I think one of the smartest things a DSL/Cable ISP could do is negotiate a
bulk license purchase with an anti-virus software vendor such as Kaspersky
(makers of AVP), which can provide licenses for as little as $10 each in
bulk. Is $10 per customer per year too much to pay for comprehensive
auto-updating virus-scanning of client PCs?

* Hmmmm, $10 per customer times 10,000 or 15,000 or 30,000 or more. And once
you open the AV software door, you also have to open the Personal Firewall
door. Ohhhh this is getting ugly. The management and bean counters are not
gonna like this. What about the many homes with multiple PCs? You have to
give them one software package for each PC and Laptop? Might as well throw
in that residential gateway and support the whole home network.

[snip]

Some good thoughts in this thread.

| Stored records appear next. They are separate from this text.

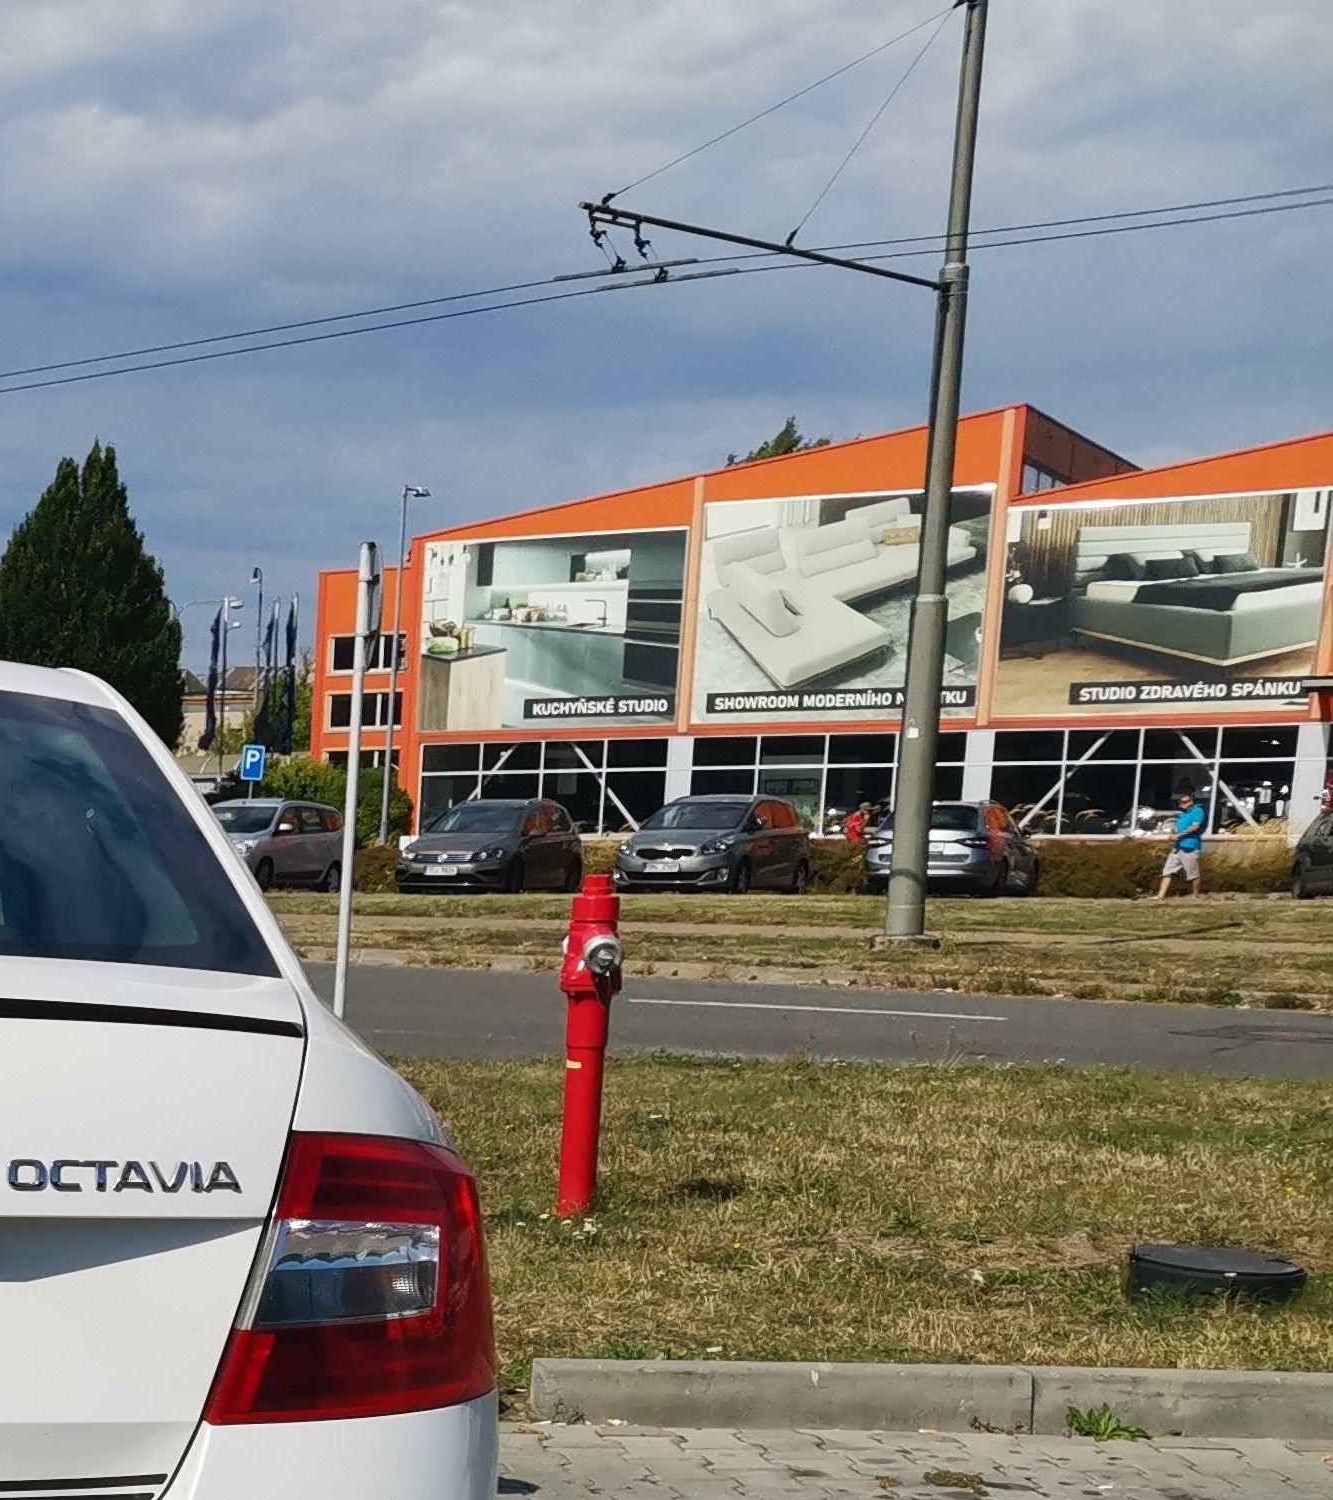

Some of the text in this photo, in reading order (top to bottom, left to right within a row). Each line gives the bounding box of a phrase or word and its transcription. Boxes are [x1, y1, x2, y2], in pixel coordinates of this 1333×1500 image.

[714, 690, 968, 711] SHOWROOM MODERNÍHO NTKU
[1079, 678, 1302, 702] STUDIO ZDRAVÉHO SPÁNKU
[532, 697, 669, 715] KUCHYŇSKÉ STUDIO
[246, 751, 260, 769] P
[6, 1158, 244, 1194] OCTAVIA

I think Sean is right about this being an
end-user problem, and although we _can_ mitigate that problem somewhat at
other parts of the network, that amounts to treating the symptoms rather than
the disease.

The 3 things that would do the most to help eliminate this problem (millions
of easily 0wned end-user hosts) right now are all things that lie in
Microsoft's domain:

1) enable Internet Connection Firewall by default;
2) enable automatic Windows Update patch installation by defuault; [*]
3) modify the HTML engine in Outlook/OE such that it can ONLY render HTML,
and any active content is ignored - in other words, replace MSIE as a backend
HTML rendering engine with, say, lynx. [**]

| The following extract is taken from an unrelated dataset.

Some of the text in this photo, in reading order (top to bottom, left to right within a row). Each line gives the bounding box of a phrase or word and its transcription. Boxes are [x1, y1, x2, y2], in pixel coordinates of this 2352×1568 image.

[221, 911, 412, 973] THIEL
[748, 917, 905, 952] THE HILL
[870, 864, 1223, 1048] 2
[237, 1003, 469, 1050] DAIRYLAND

(and even if the above were all incorporated into all subsequent releases of
Windows, it might take years before the old insecure hosts were finally
replaced ...)

Nothing new to this crowd, I'm sure, but I sure wish there was a way to make
this a priority to the folks at MS, who are really the only people with the
ability to make this happen. Without their compliance, the problem will never
improve (not as long as they're as dominant as they currently are).

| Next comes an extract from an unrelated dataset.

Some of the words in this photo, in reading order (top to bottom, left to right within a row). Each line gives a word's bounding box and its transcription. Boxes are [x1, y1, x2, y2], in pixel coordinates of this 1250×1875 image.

Top posting self-reply: looks like a lot of what I've suggested may have
finally been acknowledged by MS, according to a recent Register.co.uk
article.
http://www.theregister.co.uk/content/56/33599.html

We can only hope ...

Scott Francis wrote:

Top posting self-reply: looks like a lot of what I've suggested may have
finally been acknowledged by MS, according to a recent Register.co.uk
article.
http://www.theregister.co.uk/content/56/33599.html

We can only hope ...

I read that article when it was new, a long article, however a damn good read, and IMO worth 10 minutes to read it properly.